→ **Goal of the exercise**
With pictures removed, the data below should be returned exactly.
════
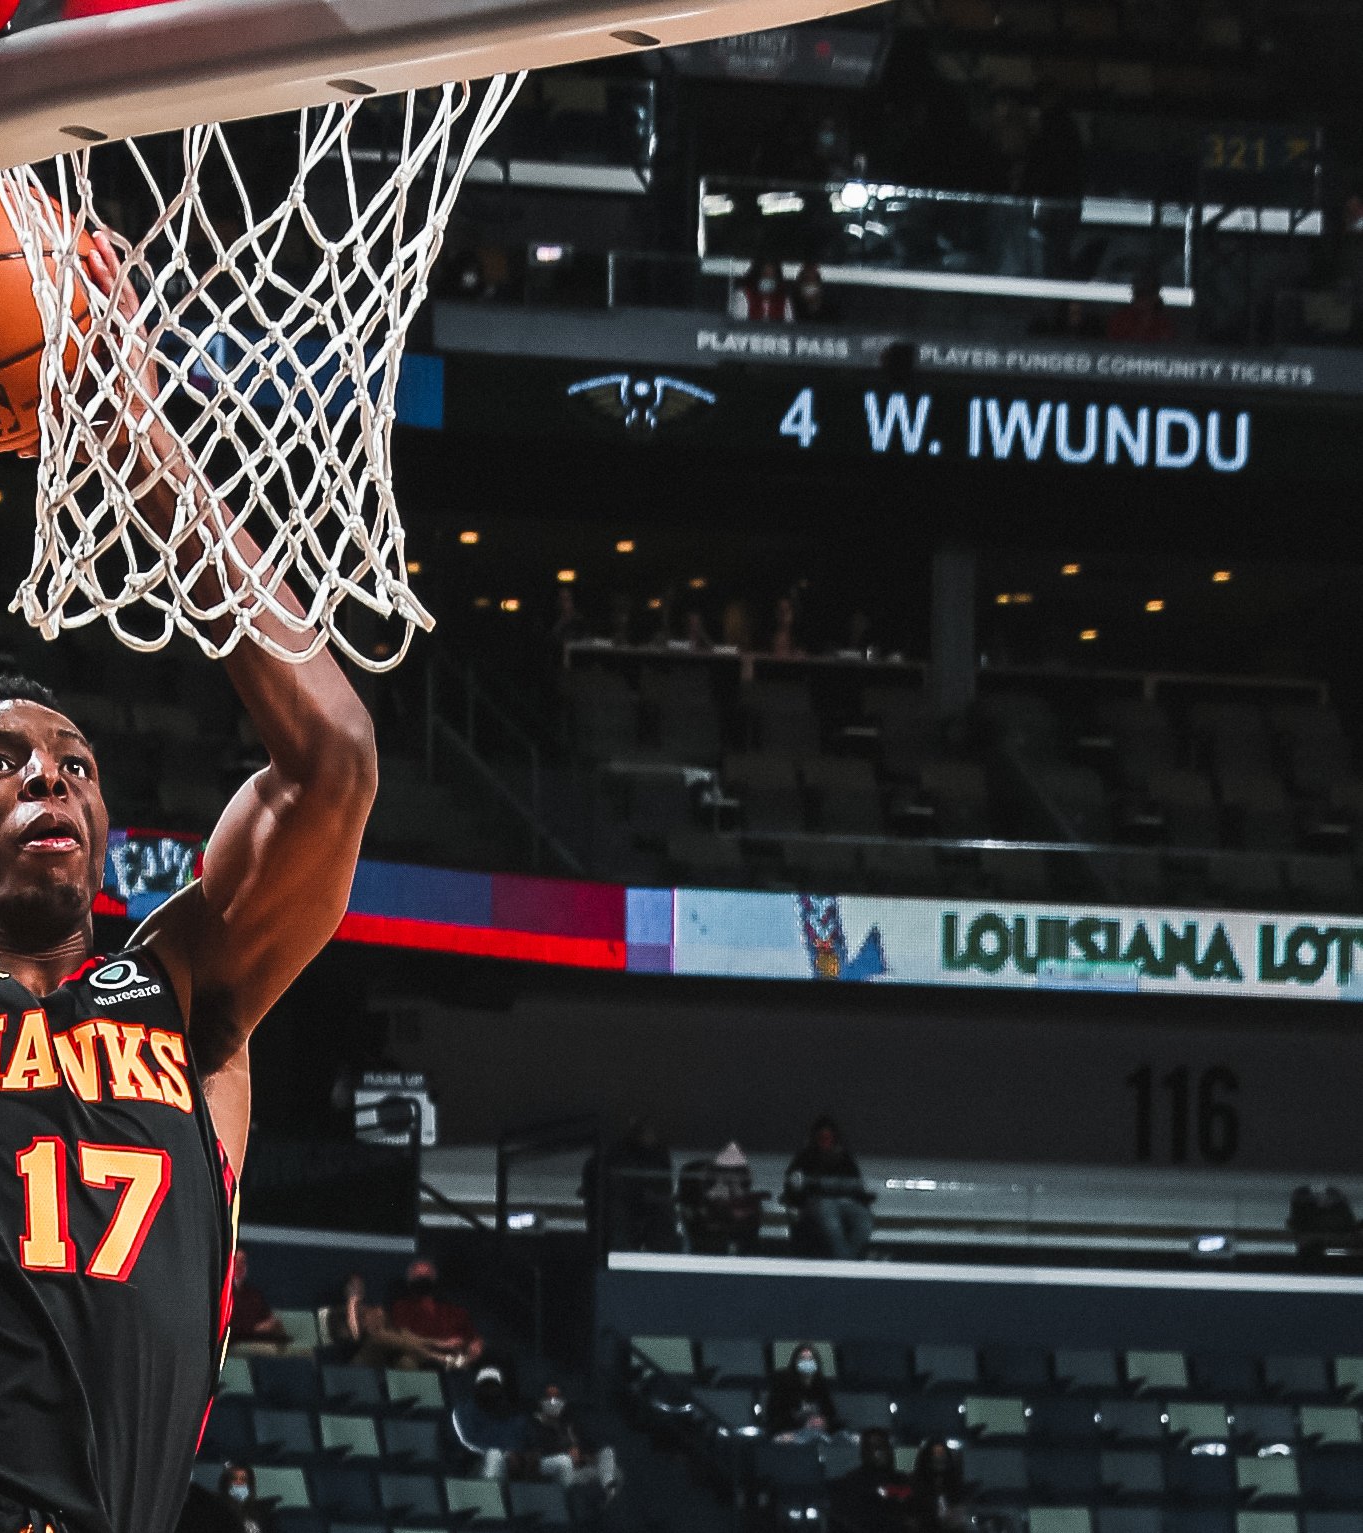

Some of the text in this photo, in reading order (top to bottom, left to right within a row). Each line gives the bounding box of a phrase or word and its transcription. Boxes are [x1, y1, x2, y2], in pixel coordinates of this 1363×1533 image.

[696, 331, 791, 356] PLAYERS
[794, 336, 849, 359] PASS
[1096, 354, 1224, 381] COMMUNITY
[1230, 361, 1314, 386] TICKETS
[779, 387, 1250, 472] 4 W. IWUNDU
[942, 911, 1246, 983] LOUISIANA
[1126, 1064, 1240, 1164] 116
[15, 1136, 170, 1283] 17
════
→ **Reply**
Some of the text in this photo, in reading order (top to bottom, left to right within a row). Each line gives the bounding box of a phrase or word and its transcription. Boxes are [x1, y1, x2, y2], in pixel coordinates of this 1363×1533 image.

[696, 331, 791, 356] PLAYERS
[794, 336, 849, 359] PASS
[1096, 354, 1224, 381] COMMUNITY
[1230, 361, 1314, 386] TICKETS
[779, 387, 1250, 472] 4 W. IWUNDU
[942, 911, 1246, 983] LOUISIANA
[1126, 1064, 1240, 1164] 116
[15, 1136, 170, 1283] 17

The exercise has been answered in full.